The most important new features are described in the following sections.

Issues history: new, fixed, and outstanding issues

One highlight of the plugin is the ability to categorize issues of subsequent builds as new, fixed and outstanding.

issues history

Using this feature makes it a lot easier to keep the quality of your project under control: you can focus only on those warnings that have been introduced recently.

Note: the detection of new warnings is based on a complex algorithm that tries to track the same warning in two different versions of the source code. Depending on the extent of the modification of the source code it might produce some false positives, i.e., you might still get some new and fixed warnings even if there should be none. The accuracy of this algorithm is still ongoing research and will be refined in the next couple of months.

Severities

The plugin shows the distribution of the severities of the issues in a chart. It defines the following default severities, but additional ones might be added by plugins that extend the Warnings plugin.

  • Error: Indicates an error that typically fails the build
  • Warning (High, Normal, Low): Indicates a warning of the given priority.
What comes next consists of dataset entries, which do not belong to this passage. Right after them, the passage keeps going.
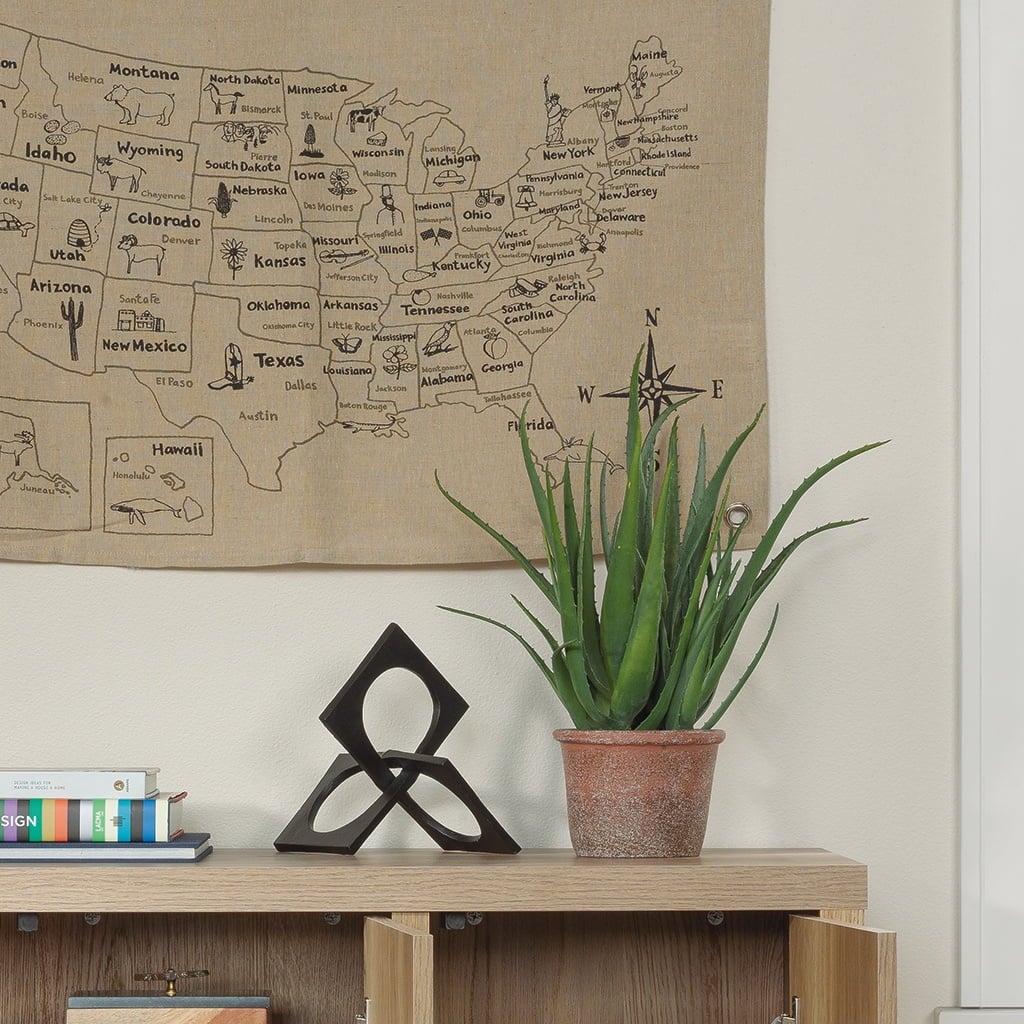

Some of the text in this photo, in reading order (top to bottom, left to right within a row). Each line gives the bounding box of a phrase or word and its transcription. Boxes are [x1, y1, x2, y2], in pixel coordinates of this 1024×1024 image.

[632, 49, 668, 61] Maine
[68, 71, 104, 84] Helena
[110, 63, 180, 81] Montana
[209, 74, 280, 86] North Dakota
[287, 83, 348, 95] Minnesota
[583, 83, 621, 95] Vermont
[22, 109, 49, 120] Boise
[241, 104, 282, 114] Bismarck
[567, 136, 600, 148] Albany
[26, 142, 77, 164] Idaho
[117, 141, 184, 162] Wyoming
[250, 152, 278, 162] Pierre
[352, 147, 404, 158] Wisconsin
[543, 146, 595, 161] New York
[667, 147, 692, 158] Island
[205, 160, 281, 172] South Dakota
[426, 153, 481, 168] Michigan
[294, 170, 325, 181] Iowa
[526, 172, 584, 185] Pennsylvania
[141, 190, 186, 201] Cheyenne
[232, 184, 287, 196] Nebraska
[599, 187, 657, 201] New Jersey
[3, 197, 23, 209] City
[415, 201, 452, 211] Indiana
[539, 202, 580, 215] Maryland
[127, 212, 201, 229] Colorado
[254, 215, 293, 225] Lincoln
[463, 210, 492, 220] Ohio
[597, 213, 645, 222] Delaware
[462, 225, 503, 233] Columbus
[505, 229, 528, 238] West
[162, 234, 200, 245] Denver
[312, 235, 358, 246] Missouri
[498, 240, 532, 250] Virginia
[274, 241, 307, 251] Topeka
[378, 244, 415, 254] Illinois
[50, 249, 86, 262] Utah
[254, 254, 306, 268] Kansas
[530, 250, 575, 266] Virginia
[432, 259, 491, 273] Kentucky
[548, 272, 580, 284] Raleigh
[30, 278, 92, 295] Arizona
[556, 281, 585, 291] North
[437, 291, 473, 300] Nashville
[550, 292, 596, 302] Carolina
[247, 299, 310, 311] Oklahoma
[323, 300, 378, 312] Arkansas
[401, 304, 470, 316] Tennessee
[502, 301, 532, 314] South
[504, 310, 554, 325] Carolina
[645, 307, 660, 327] N
[23, 318, 64, 330] Phoenix
[327, 321, 377, 332] Little Rock
[372, 332, 416, 343] Mississippi
[103, 339, 188, 353] New Mexico
[254, 353, 304, 368] Texas
[323, 365, 372, 376] Louisiana
[482, 360, 523, 374] Georgia
[156, 377, 193, 388] El Paso
[285, 381, 318, 391] Dallas
[421, 373, 473, 388] Alabama
[375, 384, 407, 393] Jackson
[711, 380, 724, 399] E
[578, 386, 596, 404] W
[239, 410, 278, 421] Austin
[508, 420, 554, 431] Flrida
[153, 443, 203, 457] Hawaii
[113, 471, 150, 480] Honolulu
[20, 483, 55, 496] Juneau
Mapping to the priorities is up to the individual parsers.

severities overview

Note that not every parser is capable of producing warnings with a different severity. Some of the parsers simply use the same severity for all issues.

Build trend

In order to see the trend of the analysis results, several charts show the issues per build. These charts are shown in the details page as well as in the job overview.

In the job overview page trends for all static analysis results are shown and an additional aggregation trend (if several results are available). You can configure the position of this aggregation trend in the pipeline script using the property trendChartType (or use the freestyle job configuration in Jenkins' user interface):

job trend seletion

  • AGGREGATION_TOOLS: The aggregation trend is shown before all other analysis tool trend charts.
  • TOOLS_AGGREGATION: The aggregation trend is shown after all other analysis tool trend charts.
  • TOOLS_ONLY: The aggregation trend is not shown, only the analysis tool trend charts are shown.
  • AGGREGATION_ONLY: The aggregation trend is only shown, no other analysis tool trend charts are shown.
  • NONE: Neither the aggregation trend nor analysis tool trend charts are shown.
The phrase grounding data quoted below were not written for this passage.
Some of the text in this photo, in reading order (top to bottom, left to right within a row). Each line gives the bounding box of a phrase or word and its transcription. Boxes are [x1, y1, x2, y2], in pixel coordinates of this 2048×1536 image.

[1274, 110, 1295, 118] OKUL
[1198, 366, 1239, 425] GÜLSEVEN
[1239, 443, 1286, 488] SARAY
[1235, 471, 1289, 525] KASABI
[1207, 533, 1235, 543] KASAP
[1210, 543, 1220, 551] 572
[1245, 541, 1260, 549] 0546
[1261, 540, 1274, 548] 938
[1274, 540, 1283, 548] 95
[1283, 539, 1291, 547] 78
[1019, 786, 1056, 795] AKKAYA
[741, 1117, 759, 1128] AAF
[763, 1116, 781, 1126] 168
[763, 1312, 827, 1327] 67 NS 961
In the details page you can cycle through the available charts by using the carousel control. The following different trend chart types are currently available:

Distribution of issues by severity

The default trend chart shows the total number of issues, stacked by severity. Using this chart you see which severity contributes the most to the total number of issues.

severities trend chart

Issues per static analysis type

If your are aggregating the results of several static analysis results, the type chart shows the number of issues for each of the tools using an individual line. You can temporarily hide tools by clicking on the corresponding legend symbol.

tools trend chart

New vs. Fixed issues

If you are interested in your backlog on issues you can open the new-versus-fixed chart. It maps issues introduced versus issues fixed over a sequence of builds. This helps you understand whether your overall backlog is growing or shrinking.
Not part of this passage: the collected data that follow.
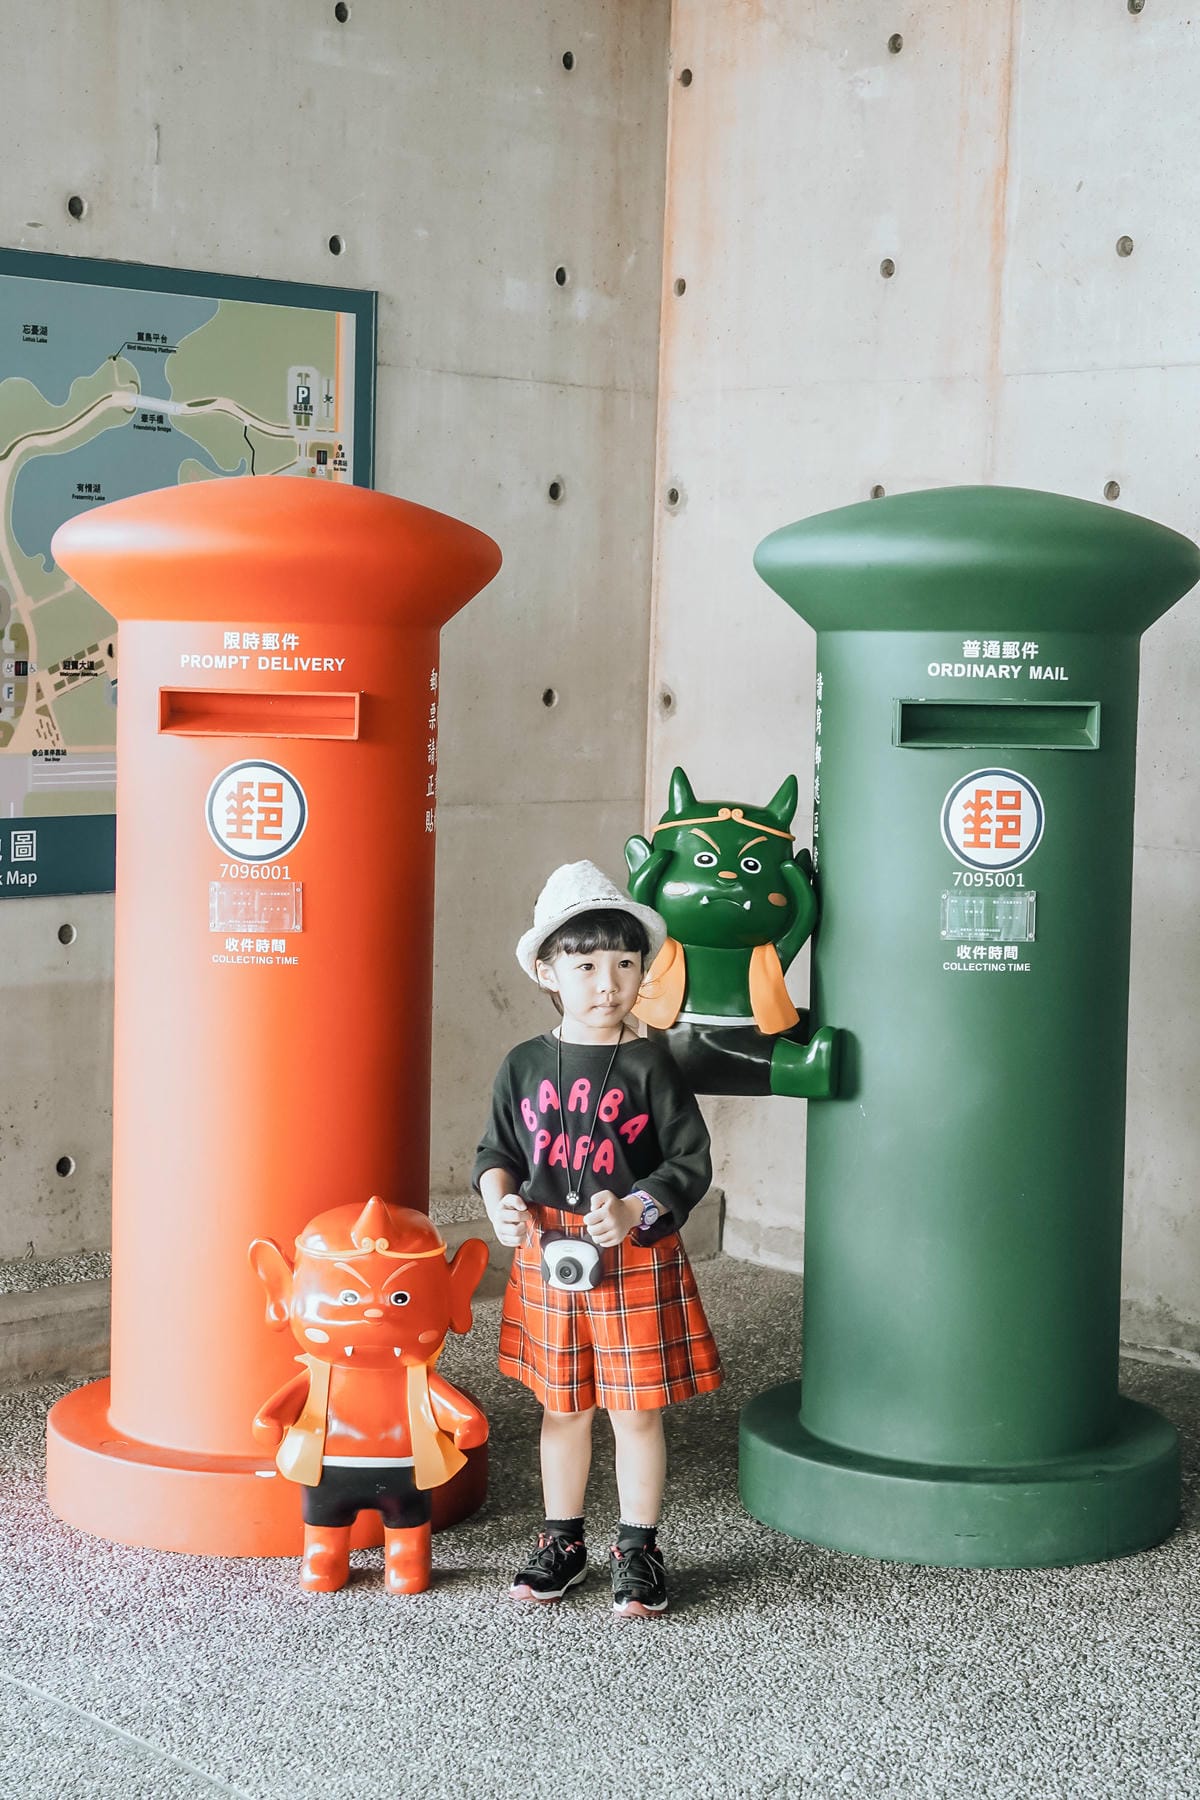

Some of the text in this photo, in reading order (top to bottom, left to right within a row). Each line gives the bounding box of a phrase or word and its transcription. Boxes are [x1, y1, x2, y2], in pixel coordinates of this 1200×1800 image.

[298, 387, 309, 403] P
[223, 632, 300, 651] 限時郵件
[962, 640, 1039, 660] 普通郵件
[180, 654, 346, 672] PROMPT DELIVERY
[927, 662, 1069, 681] ORDINARY MAIL
[0, 830, 37, 862] 圖
[6, 870, 38, 887] Map
[219, 863, 291, 880] 7096001
[952, 871, 1025, 888] 7095001
[225, 938, 286, 954] 收件時間
[956, 945, 1019, 960] 收件時間
[212, 955, 298, 965] COLLECTING TIME
[943, 962, 1031, 972] COLLECTING TIME
[520, 1077, 649, 1144] BARBA
[533, 1129, 615, 1175] PAPA
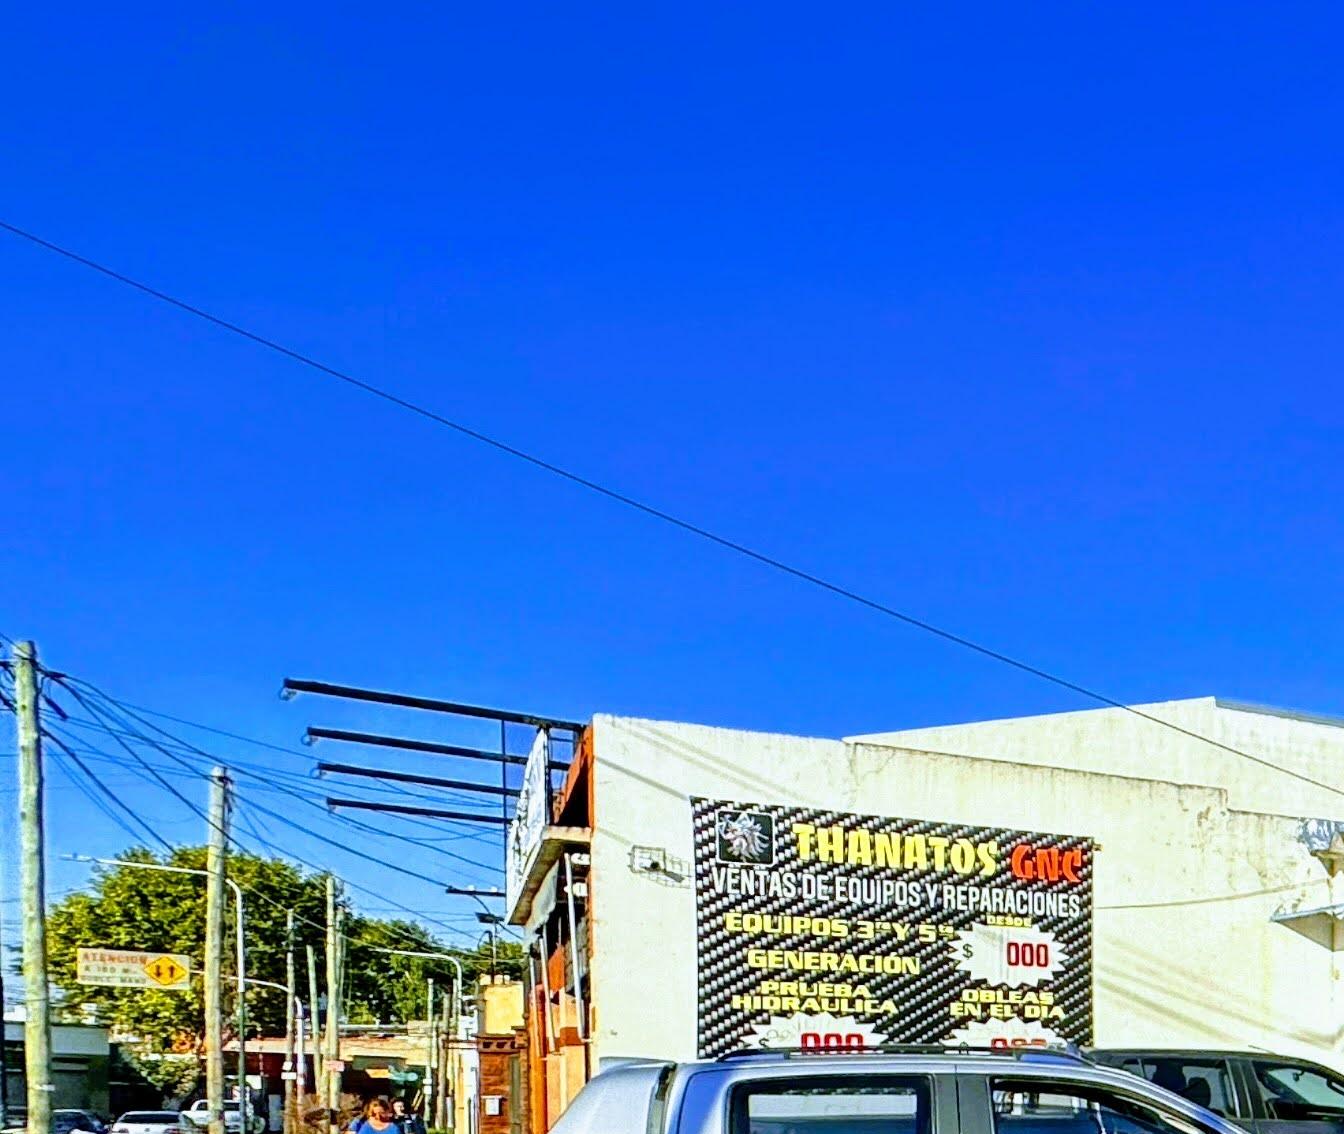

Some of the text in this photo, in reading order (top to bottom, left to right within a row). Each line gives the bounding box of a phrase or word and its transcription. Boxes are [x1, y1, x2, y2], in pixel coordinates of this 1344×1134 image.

[791, 823, 1083, 884] THANATOS GNC
[711, 866, 1081, 918] VENTAS DE EQUIPOS Y REPARACIONES
[726, 912, 849, 937] EQUIPOS
[892, 922, 910, 941] Y
[986, 915, 1032, 928] DESDE
[748, 949, 920, 975] GENERACIÓN
[962, 942, 1049, 968] $ 000
[761, 981, 872, 998] PRUEBA
[962, 989, 1054, 1005] OBLEAS
[732, 995, 899, 1014] HIDRAULICA
[950, 1003, 1065, 1018] EN EL DIA
new-versus-fixed trend chart

Health of the project

The health chart is only available if health reporting has been enabled. In this case, the trend chart shows how many warnings are in the healthy and unhealthy regions. Your project goal should be to let the number of warnings not escape the green part of the chart.

trend chart

Zooming

All trend charts in the detail views support zooming of the build axis using the range sliders at the bottom of the chart.

zoom

Build vs. Date Axis

All trend charts in the detail views can show the number of warnings per build or per day. You can switch between this X-axis variants by selecting the corresponding icon in the top right corner. Each day shows the average number of warnings.

zoom

Issues overview

You can get a fast and efficient overview of the reported set of issues in several aggregation views. Depending on the number or type of issues you will see the distribution of issues by

  • Static Analysis Tool
  • Module
  • Package or Namespace
  • Severity
  • Category
  • Type

Each of these detail views are interactive, i.e. you can navigate into a subset of the categorized issues.

packages overview

Issues details

The set of reported issues is shown in a modern and responsive table. The table is loaded on demand using an Ajax call. It provides the following features:

  • Pagination: the number of issues is subdivided into several pages which can be selected by using the provided page links. Note that currently the pagination is done on the client side, i.e. it may take some time to obtain the whole table of issues from the server.
  • Sorting: the table content can be sorted by clicking on ony of the table columns.
  • Filtering, Searching: you can filter the shown issues by entering some text in the search box.
  • Content Aware: columns are only shown if there is something useful to display. I.e., if a tool does not report an issues category, then the category will be automatically hidden.
  • Responsive: the layout should adapt to the actual screen threshold.
  • Details: the details message for an issue (if provided by the corresponding static analysis tool) is shown as child row within the table.

details

Source code blames (for Git projects)

⚠️ This feature requires the installation of an additional plugin: Git Forensics Plugin.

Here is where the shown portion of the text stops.